No, the field names are correctly encoded. Everything you posted here of the the XML files is correct.

mkalkbrenner’s picture

Priority: Normal » Minor

I think I got it. Working on a patch and a test ...

mkalkbrenner’s picture

Priority: Minor » Normal

First of all it isn't a critical issue as search basically works.
But while reading the code, I noticed that a lot of edge cases are involved that could all lead to have that warning persisting. You'll see it in the patch, hopefully tomorrow.

mkalkbrenner’s picture

Priority: Normal » Major
Status: Active » Needs review
FileSize
58.58 KB

It turned out that a bigger patch is required. There might be different reasons why the warning persists. I hope that I captured all of them.

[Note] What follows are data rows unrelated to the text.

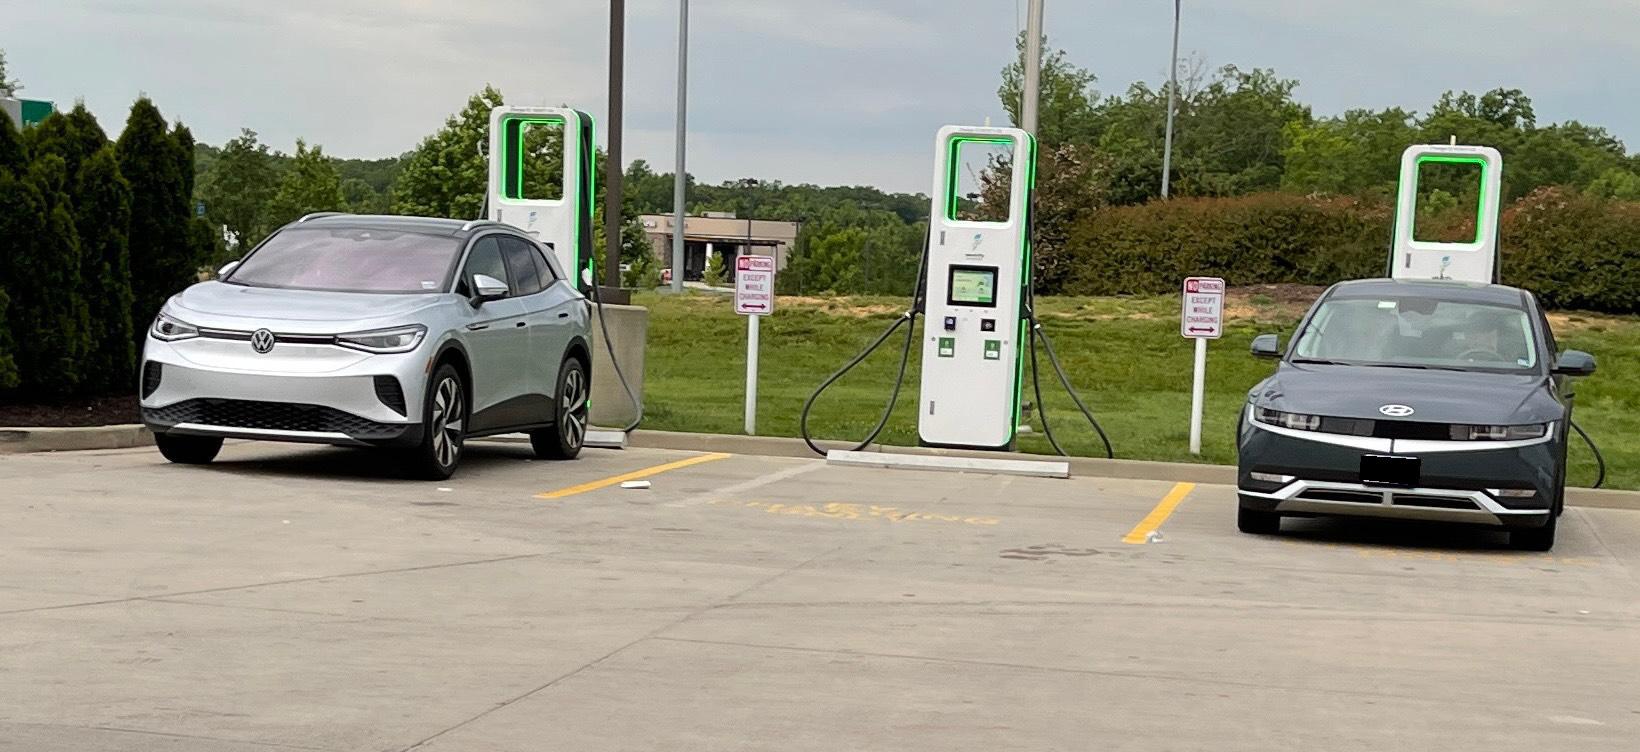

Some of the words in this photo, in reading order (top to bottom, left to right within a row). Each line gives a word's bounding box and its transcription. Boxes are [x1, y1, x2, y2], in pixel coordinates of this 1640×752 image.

[743, 273, 767, 281] EXCEPT
[745, 283, 764, 291] WHILE
[739, 293, 769, 301] CHARGING
[1191, 296, 1216, 304] EXCEPT
[1193, 306, 1213, 314] WHILE
[1187, 315, 1217, 323] CHARGING

The patch is not final. The status report page still requires more testing and the update hook needs to take care about the new "pt" configs.
I think we should simply entirely overwrite the exists ones instead of updating them. What do you think?

mkalkbrenner’s picture

FileSize
167.31 KB

I completed the update hook and updated the jump-start config-sets.

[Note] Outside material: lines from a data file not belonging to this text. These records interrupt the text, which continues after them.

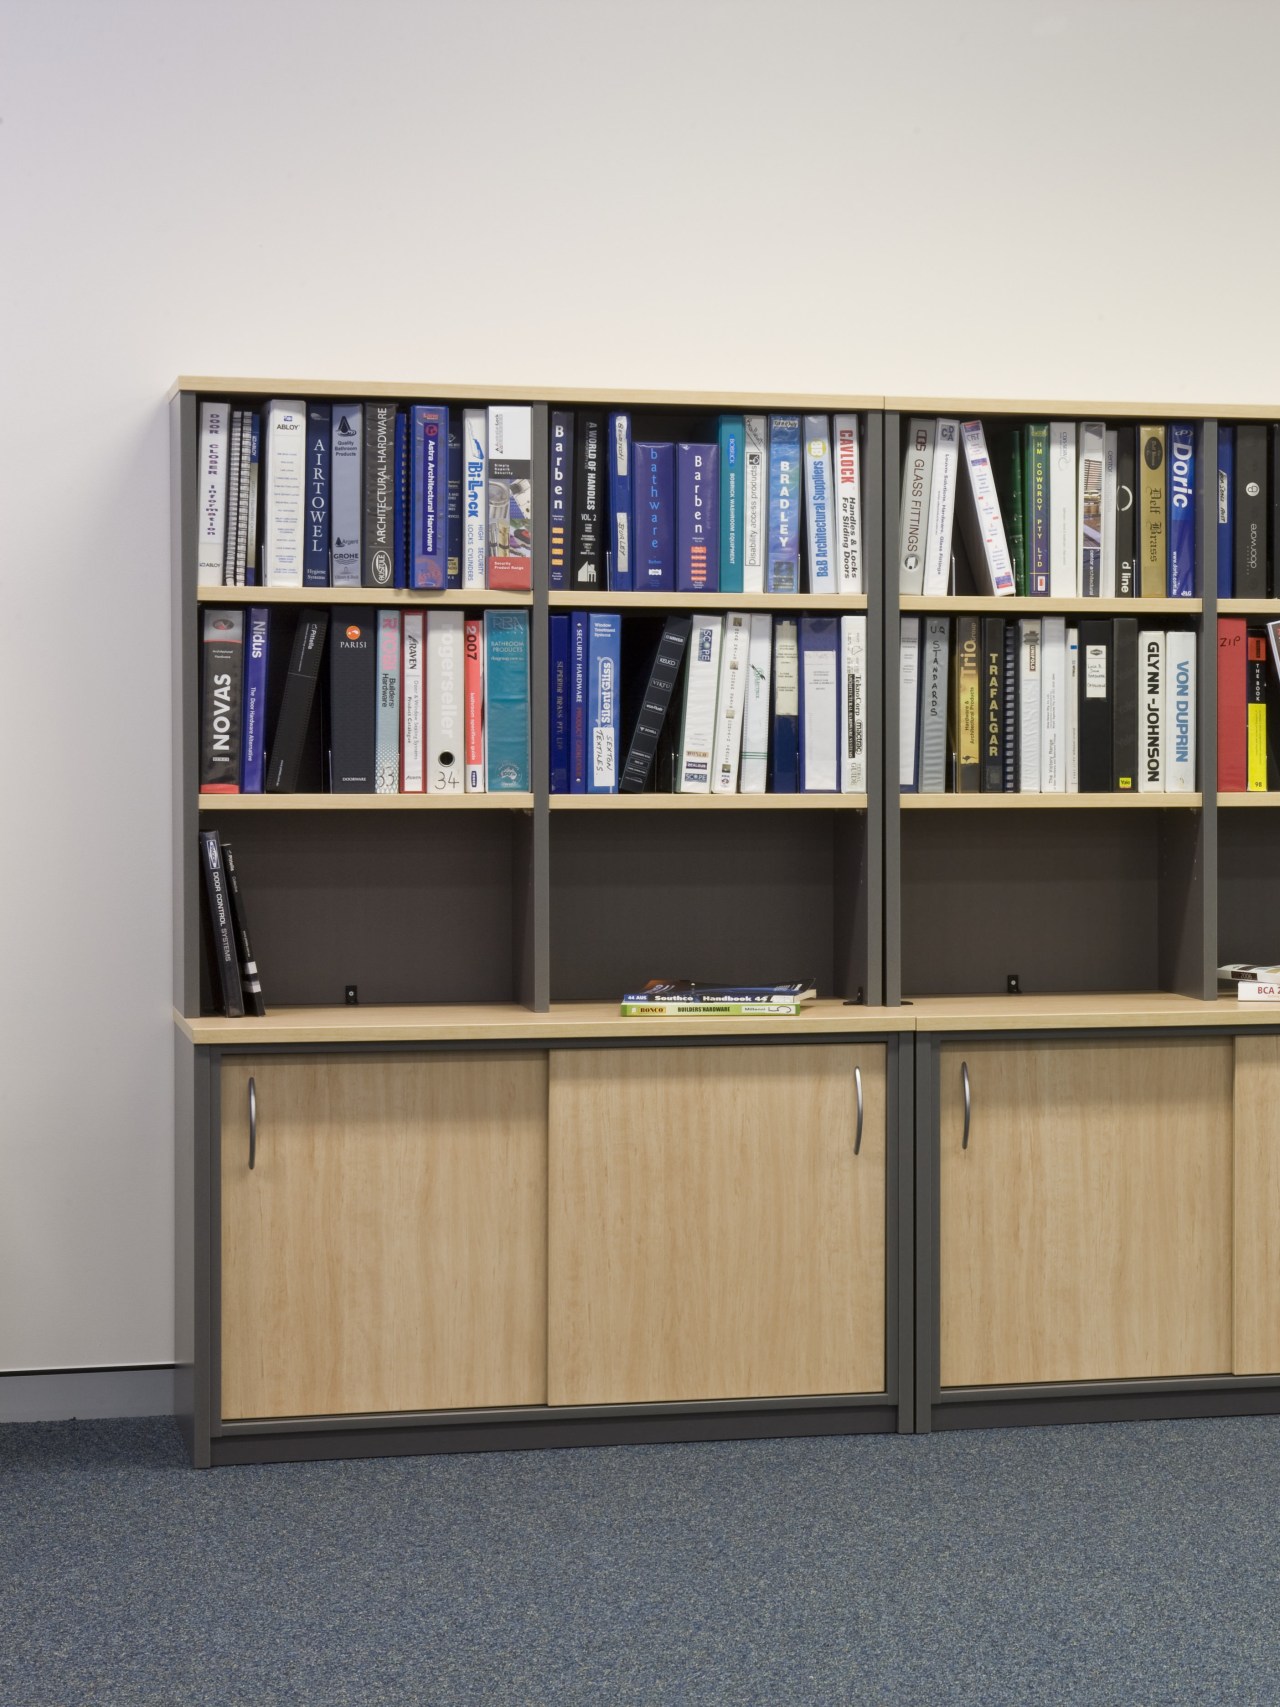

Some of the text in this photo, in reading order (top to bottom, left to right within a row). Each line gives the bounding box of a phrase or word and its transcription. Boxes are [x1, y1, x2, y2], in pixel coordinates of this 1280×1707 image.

[210, 414, 220, 434] DOOR
[1037, 442, 1042, 455] HM
[208, 444, 219, 474] CLOSER
[377, 407, 387, 543] ARCHITECTURAL HARDWARE
[554, 425, 564, 510] Barben
[839, 430, 855, 484] CAVLOCK
[912, 459, 924, 497] GLASS
[1172, 442, 1193, 508] Doric
[310, 439, 326, 552] AIRTOWEL
[427, 462, 435, 513] Architectural
[649, 448, 660, 548] bathware
[694, 455, 702, 533] Barben
[779, 461, 790, 548] BRADLEY
[813, 461, 828, 577] B&B Architectural Suppliers
[842, 515, 850, 549] Sliding
[908, 500, 921, 552] FITTINGS
[1147, 522, 1162, 562] Brass
[1121, 561, 1131, 593] d line
[252, 621, 266, 659] Nidus
[466, 625, 477, 660] 2007
[575, 629, 583, 662] SECURITY
[961, 640, 976, 677] Trio
[1220, 636, 1241, 647] ZIP
[439, 624, 457, 737] rogerseller
[575, 663, 583, 703] HARDWARE
[989, 653, 998, 757] TRAFALGAR
[213, 673, 231, 751] NOVAS
[1175, 661, 1189, 762] VON DUPRIN
[434, 771, 460, 790] 34
[213, 871, 231, 962] DOOR CONTROL SYSTEMS
[1257, 986, 1276, 995] BCA
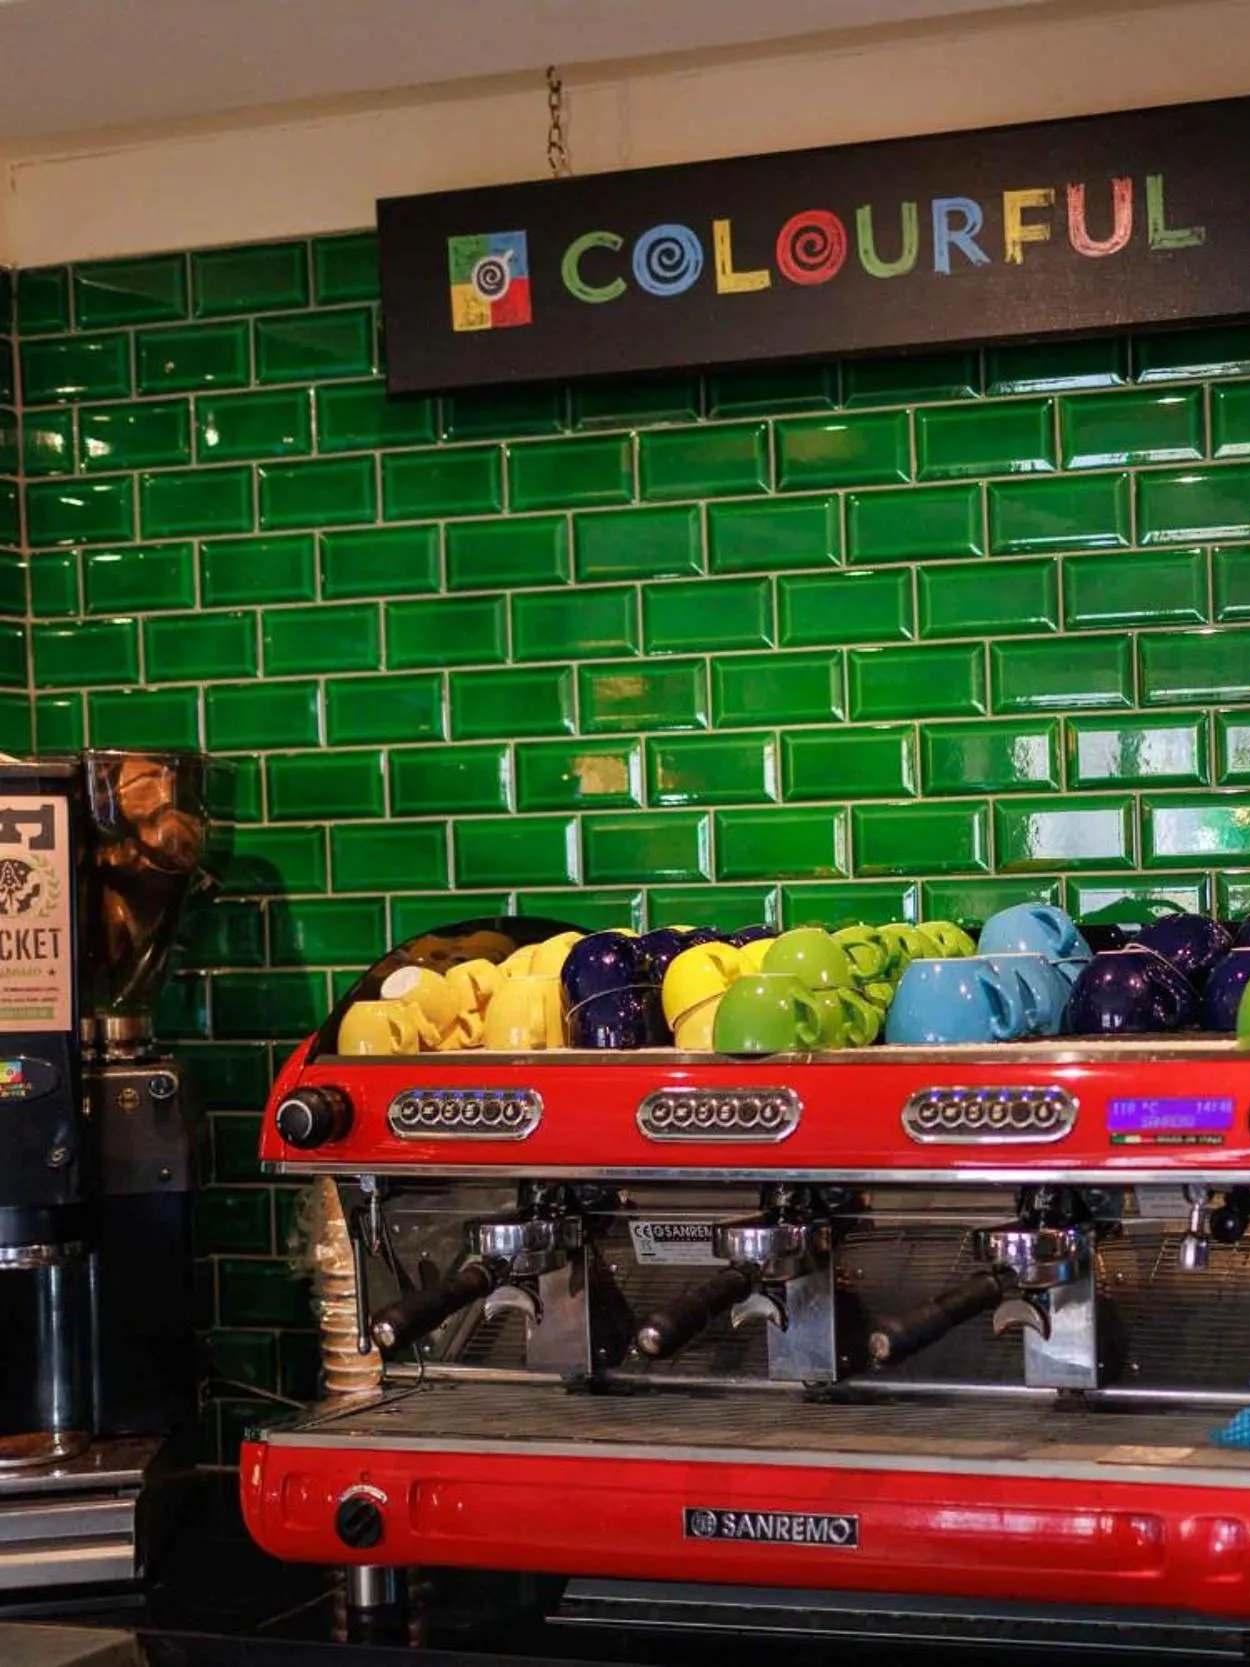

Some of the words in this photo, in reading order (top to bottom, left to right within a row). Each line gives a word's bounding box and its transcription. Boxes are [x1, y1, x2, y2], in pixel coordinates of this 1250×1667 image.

[561, 173, 1206, 303] COLOURFUL
[664, 1226, 713, 1239] SANREM
[721, 1513, 851, 1543] SANREMO

@jcnventura could you test the patch?

  • mkalkbrenner committed 260f6c4 on 4.x
    Issue #3154019 by jcnventura, mkalkbrenner: There are some language-...
  • mkalkbrenner committed 371a0c6 on 4.x
    Issue #3154019 by jcnventura, mkalkbrenner: There are some language-...
  • mkalkbrenner committed 3fb2cba on 4.x
    Issue #3154019 by jcnventura, mkalkbrenner: There are some language-...
  • mkalkbrenner committed 561cbc4 on 4.x
    Issue #3154019 by jcnventura, mkalkbrenner: There are some language-...
  • mkalkbrenner committed 6aa8241 on 4.x
    Issue #3154019 by jcnventura, mkalkbrenner: There are some language-...
  • mkalkbrenner committed 78f904c on 4.x
    Issue #3154019 by jcnventura, mkalkbrenner: There are some language-...
  • mkalkbrenner committed bc986c4 on 4.x
    Issue #3154019 by jcnventura, mkalkbrenner: There are some language-...
  • mkalkbrenner committed cd0eae1 on 4.x
    Issue #3154019 by jcnventura, mkalkbrenner: There are some language-...
  • mkalkbrenner committed cfdb060 on 4.x
    Issue #3154019 by jcnventura, mkalkbrenner: There are some language-...
mkalkbrenner’s picture

Status: Needs review » Fixed

I mark it as fixed. But feedback is welcome!

jcnventura’s picture

Yes, works perfectly fine. Thanks for fixing this. Even while it started looking like a minor issue, it clearly led to some major refactoring!

Status: Fixed » Closed (fixed)

Automatically closed - issue fixed for 2 weeks with no activity.